Special Report: Pan Am

A Little Clarification on the Hamilton Future Fund

If you pay a Horizon Utilities bill for hydro use in Hamilton, you are paying for the $137 million Hamilton Future Fund.

By Connie Stefanson
Published January 31, 2011

On a scale of 1 to 10, what's your understanding of the Hamilton Future Fund?

I would have scored around a 3 or 4. As a regular patron of most of Hamilton's local online and printed media, I realized one day that, although I've read the phrase "Future Fund" a hundred times or more within comments and articles, I really didn't know much about it.

It fit into the context of many a sentence, but had anyone ever asked me any details about the "FF," I would have had little to offer outside of, "well, umm...it's taxpayer money that...a Board votes on...and...somehow it was given to us...and ...is used for community-building projects."

Which isn't entirely wrong; it's just a long way from being entirely correct. I'm by no means an expert on the Hamilton Future Fund, but I've done a little digging, and here's what I found. I hope this removes some of the ambiguity for you, as it did for me.

Commercialize and Retain Ownership

"Commercialization" occurs when a public board (e.g. Hamilton Hydro) is transformed into a regulated business/company (e.g. Hamilton Utilities Corporation, or "HUC") that could be sold to the private sector.

In 2000/2001, the Province of Ontario mandated that all hydro services be removed from the public sector. There were many ways for municipalities to go about this, but Hamilton chose to commercialize and retain ownership versus selling and privatizing the utility outright.

Subsequently, the hydro delivery component of HUC, Horizon Utilities, is owned by the City of Hamilton (79%) and the City of St. Catharines (21%), and is now a regulated business that could be sold to the private sector.

Should HUC go out of business, the City of Hamilton is not liable for their debts. As hydro users we would inevitably see some changes (e.g. increases) on our hydro bills, but our taxes would not be affected.

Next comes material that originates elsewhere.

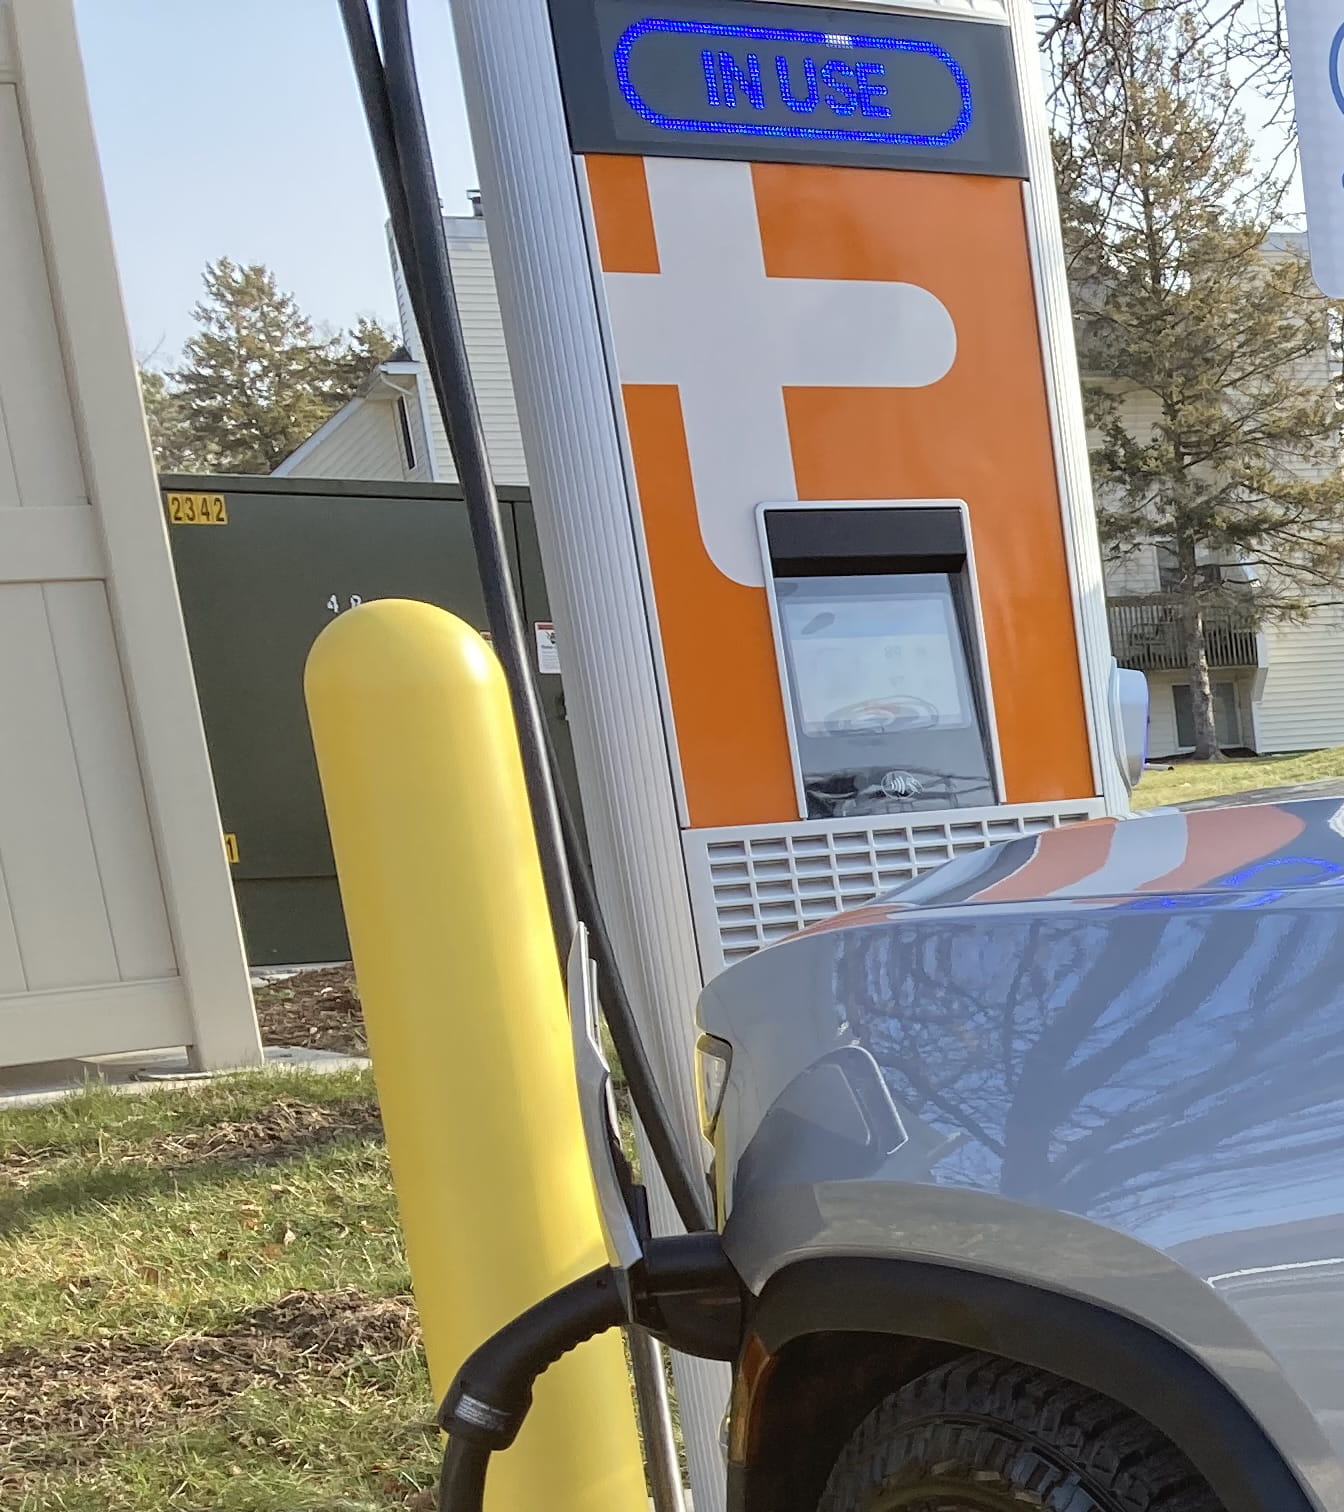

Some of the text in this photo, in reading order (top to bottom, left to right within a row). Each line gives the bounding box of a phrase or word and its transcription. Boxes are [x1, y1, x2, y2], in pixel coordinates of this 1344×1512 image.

As part of the commercialization, HUC borrowed a significant amount of money to finance their capital structure and needs, and a part of this sum was a $137 million "pay-out" to the City of Hamilton, as the City was its sole owner.

The pay-out represented 60% of the value of HUC (e.g. generators, equipment). The debt repayment is being recouped by Horizon via hydro users' bills within the local distribution charge.

Strategic Use in City Building

Hamilton Council chose to retain these pay out monies for "strategic use in building a city that will work, grow, and prosper," and opted that the community be involved in the spending of these funds via the Hamilton Future Fund Board.

The Future Fund Board makes recommendations; Council ultimately decides what and how the monies are used. Hamilton Future Fund Board appointee terms are staggered; every year or two memberships expire and are then renewed or replaced, unlike City Council which turns over as a whole.

So the City of Hamilton received a lump sum of $137 million (plus interest) to spend on grant funding and/or re-invest as the Hamilton Future Fund Board recommends.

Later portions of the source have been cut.